Generating the inputs to SemiBin (from a metagenome)
Starting with a metagenome, you need to generate a contigs file (contigs.fa
) and a sorted BAM file (output.sorted.bam
) from mapping the metagenomic reads to the assembled contigs.
Step 1: Assemble it into a contigs FASTA file. In this case, we are using NGLess to combine FastQ preprocessing & assembly (using MEGAHIT, but any other system will work.
Step 2: Map reads to the FASTA file generated in Step 1.
Here is an NGLess
file that performs all these operations in a single script:
ngless "1.5"
import "samtools" version "1.0"
input = paired('reads_1.fq.gz', 'reads_2.fq.gz')

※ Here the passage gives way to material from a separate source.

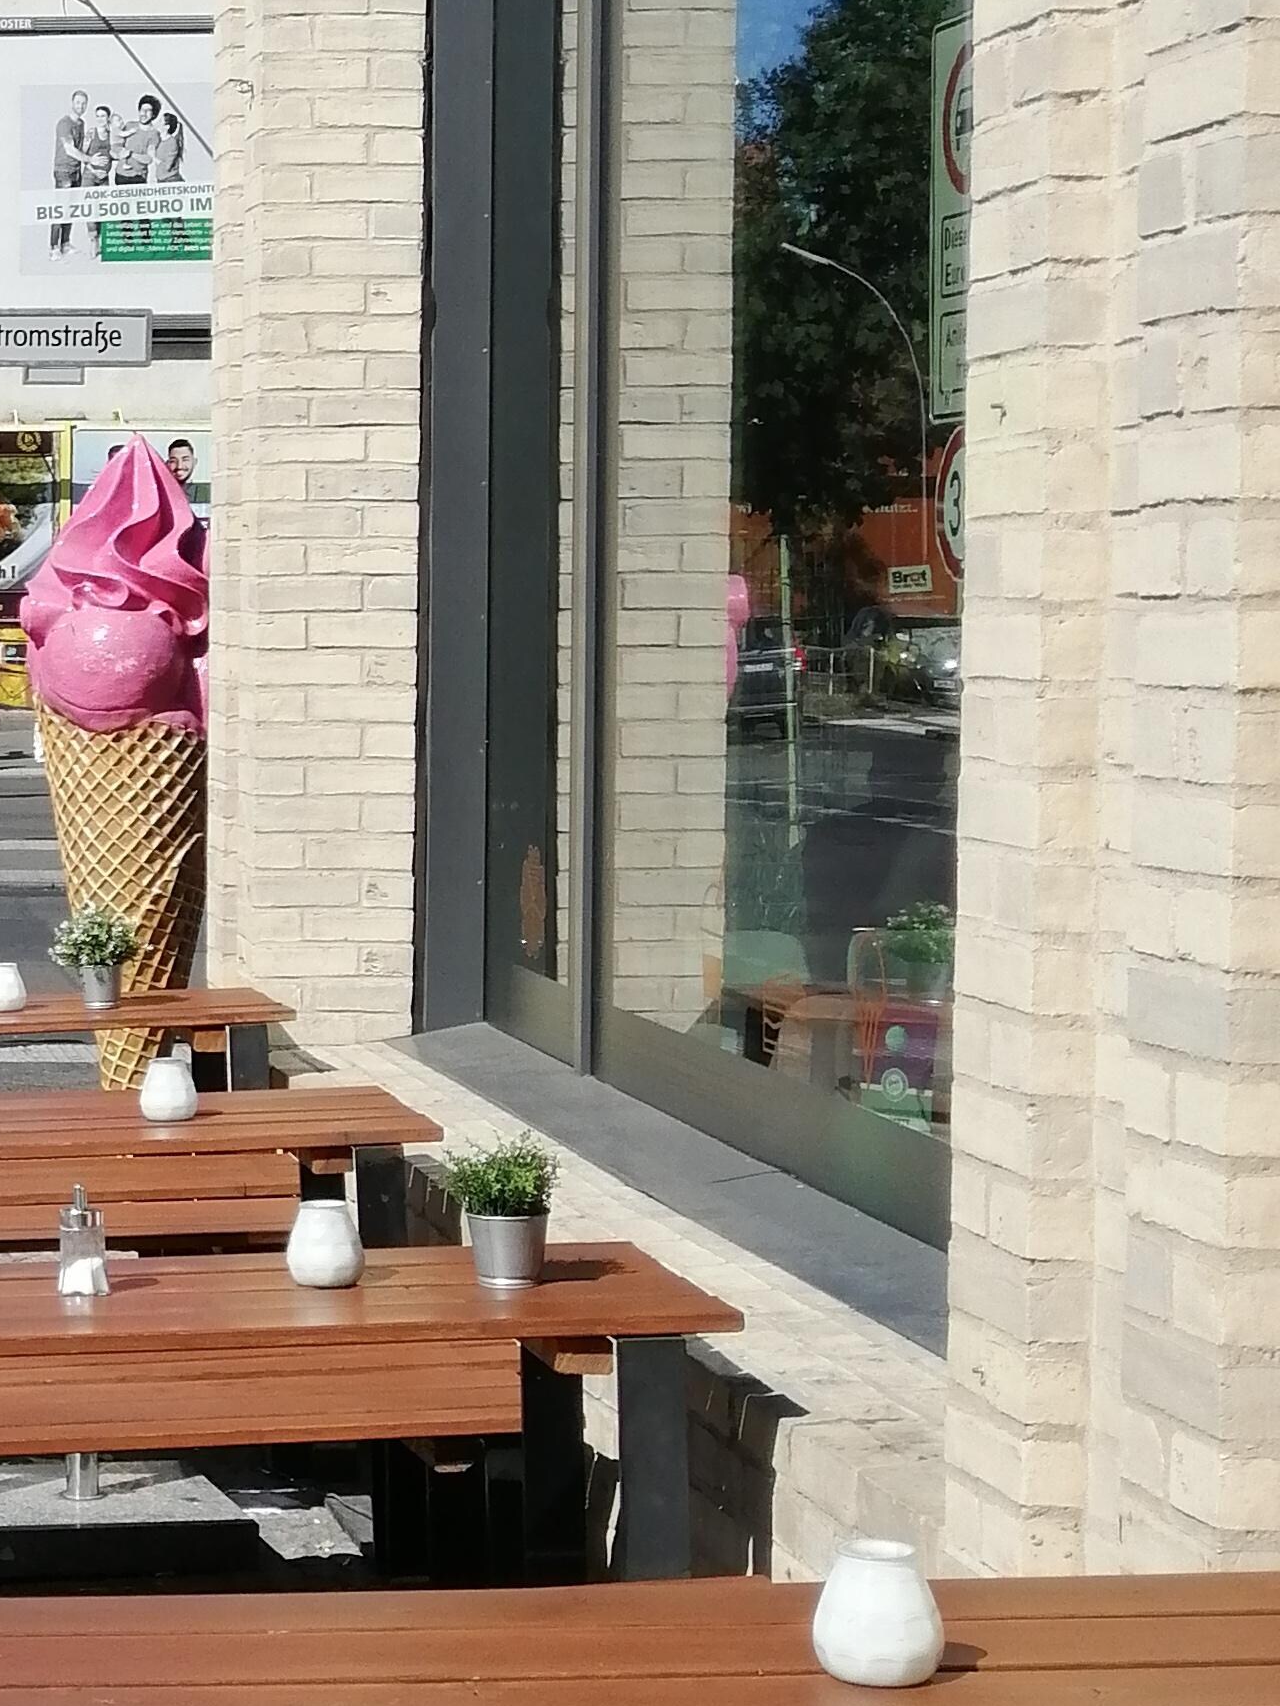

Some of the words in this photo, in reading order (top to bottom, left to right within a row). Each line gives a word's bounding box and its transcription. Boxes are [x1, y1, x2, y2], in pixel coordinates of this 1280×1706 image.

[37, 205, 63, 219] BIS
[69, 204, 91, 218] ZU
[99, 202, 130, 216] 500
[137, 199, 183, 214] EURO

input = preprocess(input) using |r|:
r = substrim(r, min_quality=25)
if len(r) < 45:
discard
contigs = assemble(input)
write(contigs, ofile='contig.fa')
mapped = map(input, fafile=contigs)
write(samtools_sort(mapped),
ofile='output.sorted.bam')
Mapping using bowtie2
You can also use bowtie2
directly, for example (using 4 threads, you can
adjust -p 4
as needed when calling bowtie2
):
bowtie2-build -f contig.fa contig.fa
bowtie2 -q --fr -x contig.fa -1 reads_1.fq.gz -2 reads_2.fq.gz -S contig.sam -p 4
samtools view -h -b -S contig.sam -o contig.bam
samtools view -b -F 4 contig.bam -o contig.mapped.bam
samtools sort contig.mapped.bam -o contig.mapped.sorted.bam
samtools index contig.mapped.sorted.bam
Generate cannot-link constraints using CAT (advanced)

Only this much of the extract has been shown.